BACKGROUND: Cigarette smoking is one of the major risk factors for atherosclerotic coronary disease, but the precise mechanism(s) by which cigarette smoking promotes atherosclerosis remains unknown. As there is now increasing evidence that atherosclerosis is an inflammatory condition, the present study investigated whether inflammation exists in smokers. METHODS AND
RESULTS: The inflammatory markers and lipid profiles were compared among a current-smoker group (210 patients, mean age 61.8 +/- 11.0 years), past-smoker group (115 patients, 67.1 +/- 9.0 years) and never-smoked group (113 patients, 68.2 +/- 10.7 years), all of whom had no apparent signs of inflammation. The respective levels of blood leukocytes, platelets, C-reactive protein and fibrinogen were significantly higher in current-smokers than in the never-smoked group (6,600 +/- 1,723 /microl vs 5,638 +/- 1,313 /microl p<0.01; 22.7 +/- 6.8 x 10(4) /microl vs 18.7 +/- 7.4 x 10(4) /microl, p<0.01; 3.50+/-4.91 mg/L vs 1.92+/-3.02 mg/L, p<0.01; 334.2 +/- 90.9 mg/dl vs 314.7 +/- 80.2 mg/dl, p<0.05).

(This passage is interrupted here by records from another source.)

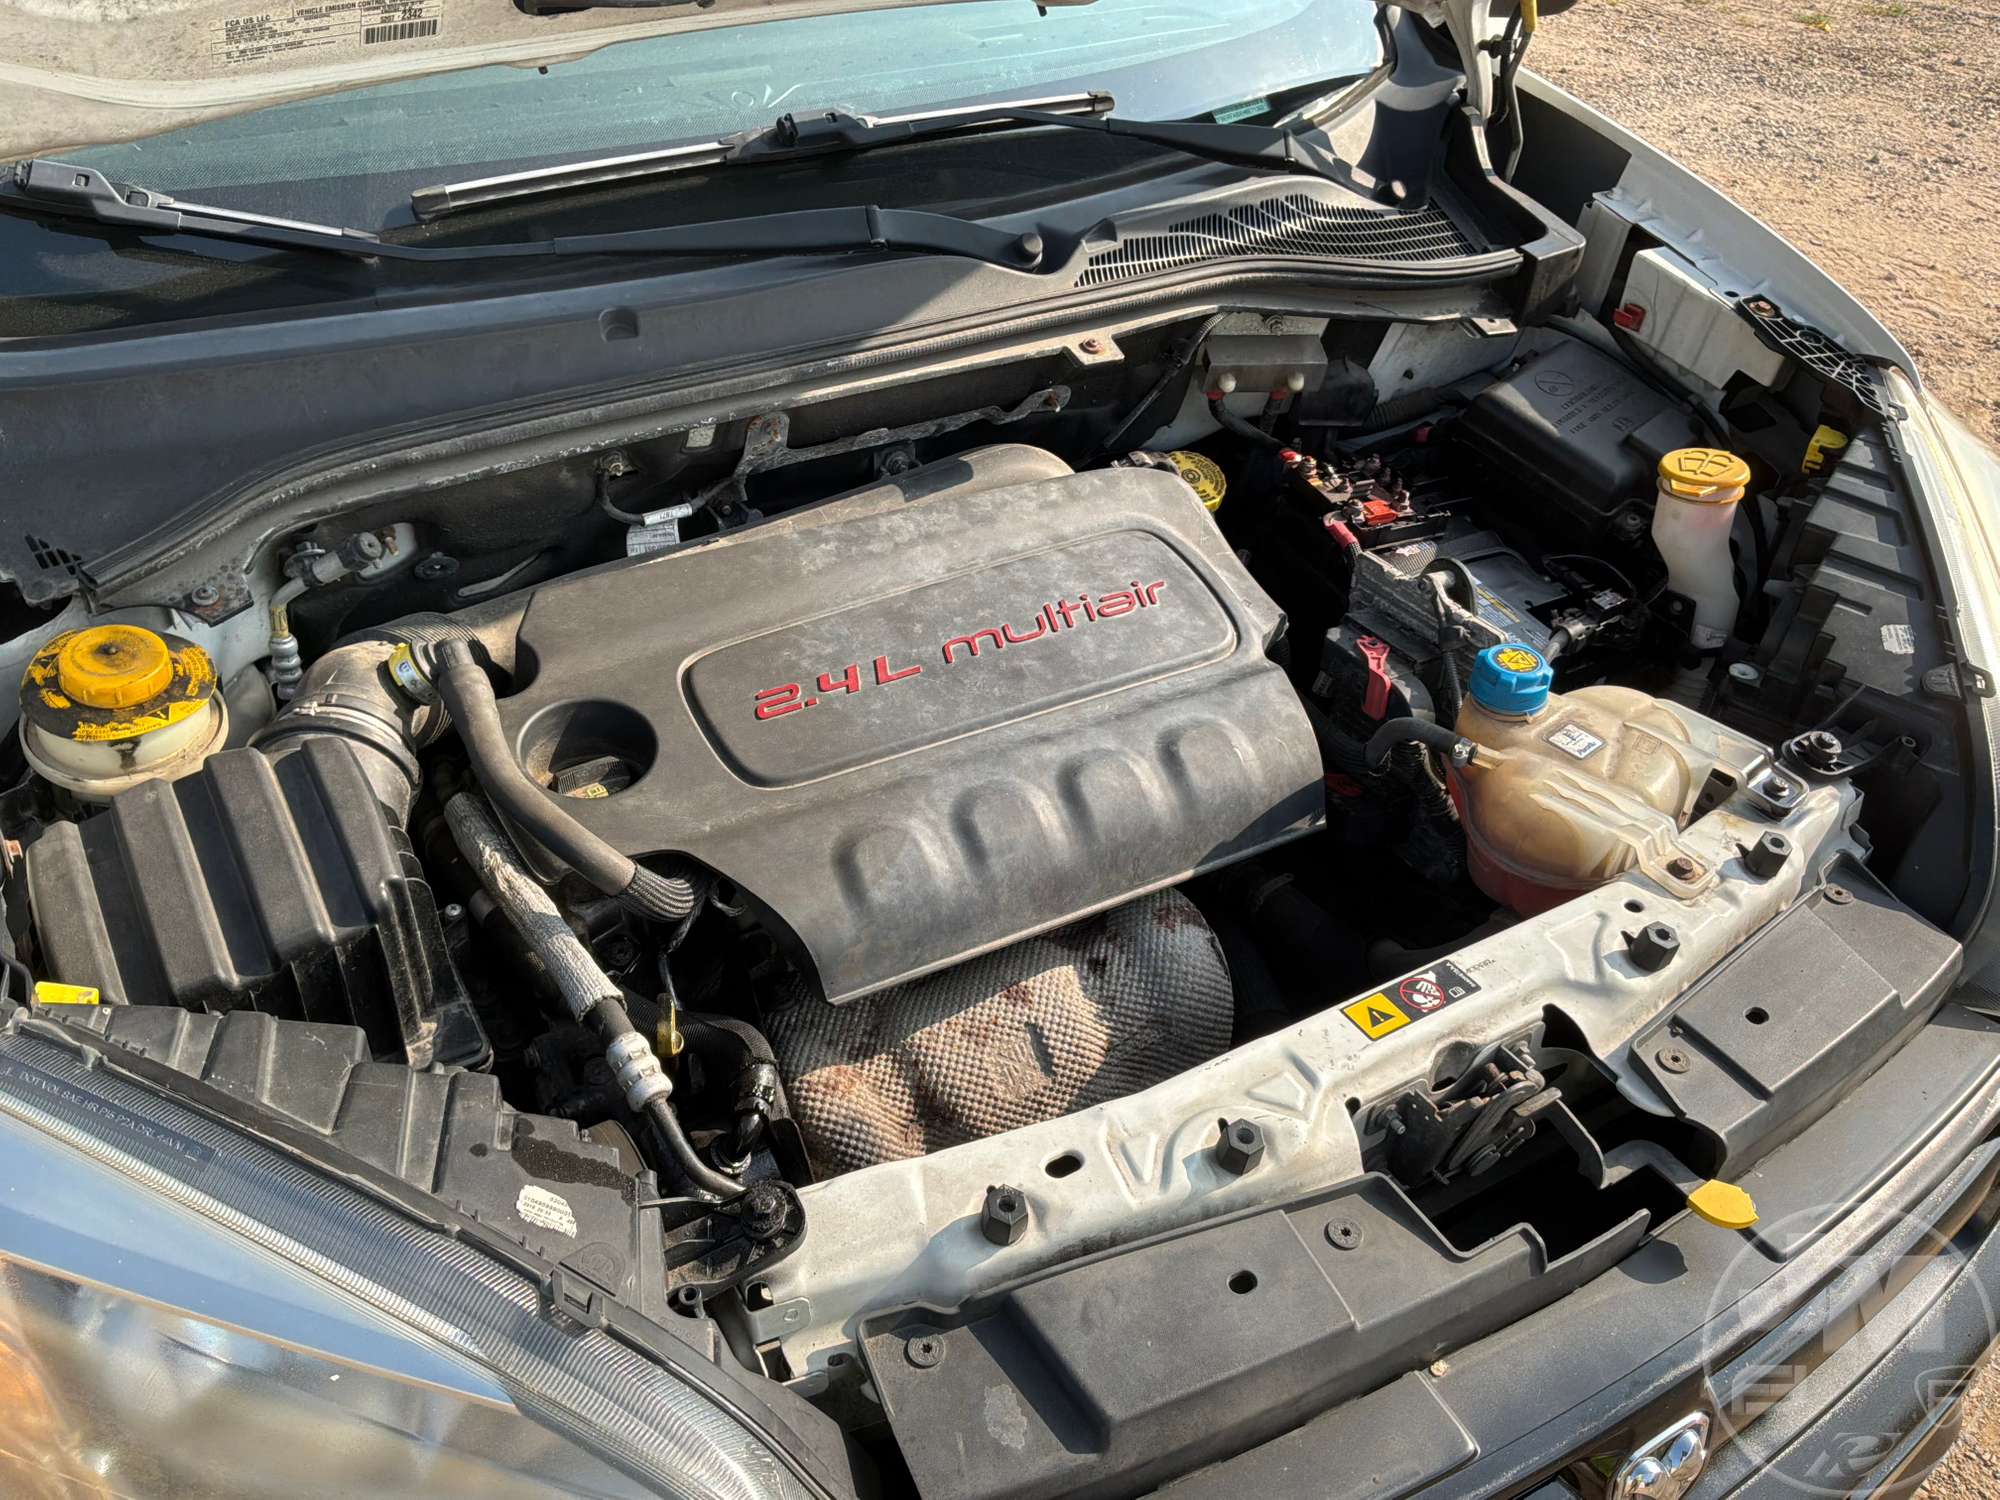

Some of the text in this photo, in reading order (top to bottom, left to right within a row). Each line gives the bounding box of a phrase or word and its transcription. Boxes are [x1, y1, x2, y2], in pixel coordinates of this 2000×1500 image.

[295, 6, 323, 16] VEHICLE
[324, 2, 356, 12] EMISSION
[224, 14, 271, 27] FCA US LLC
[941, 579, 1167, 665] multiair
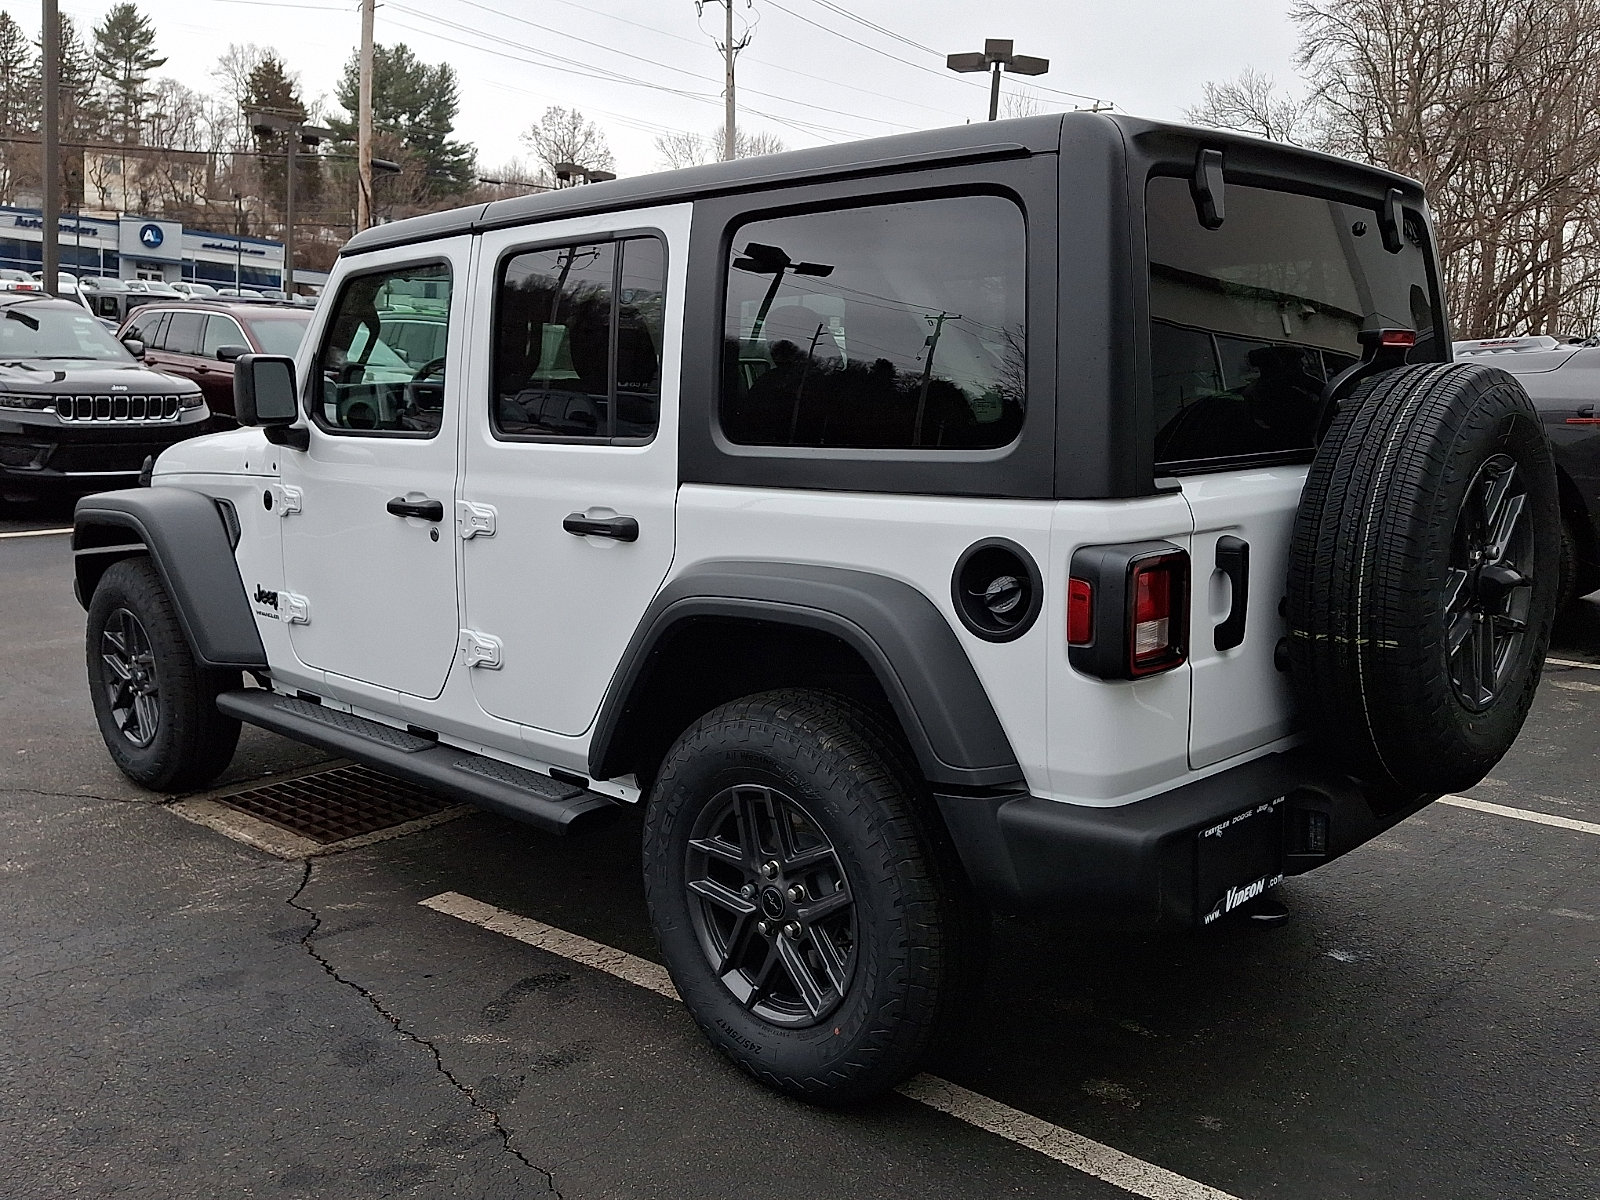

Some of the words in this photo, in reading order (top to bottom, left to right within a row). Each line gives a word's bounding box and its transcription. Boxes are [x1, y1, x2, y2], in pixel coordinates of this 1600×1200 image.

The respective levels of plasma triglycerides, remnant-like particle cholesterol and apolipoprotein-B were significantly higher and that of high-density lipoprotein cholesterol significantly lower in the current-smokers than in the never-smoked group (152.4 +/- 96.2 mg/dl vs 120.5 +/- 58.1 mg/dl, p<0.01; 5.4+/-6.3 mg/dl vs 3.8 +/- 2.0 mg/dl, p<0.05; 101.6 +/- 23.7 mg/dl vs 95.0 +/- 21.2 mg/dl, p<0.05; 45.2 +/- 12.3 mg/dl vs 50.6 +/- 15.6 mg/dl, p<0.01). Past smokers had intermediate values between those of current-smokers and never-smoked.
CONCLUSIONS: Low-grade inflammation, atherogenic dyslipidemia, and hypercoagulability are present in smokers compared with those who have never smoked among subjects without apparent inflammation who underwent coronary angiography on suspicion of coronary artery disease.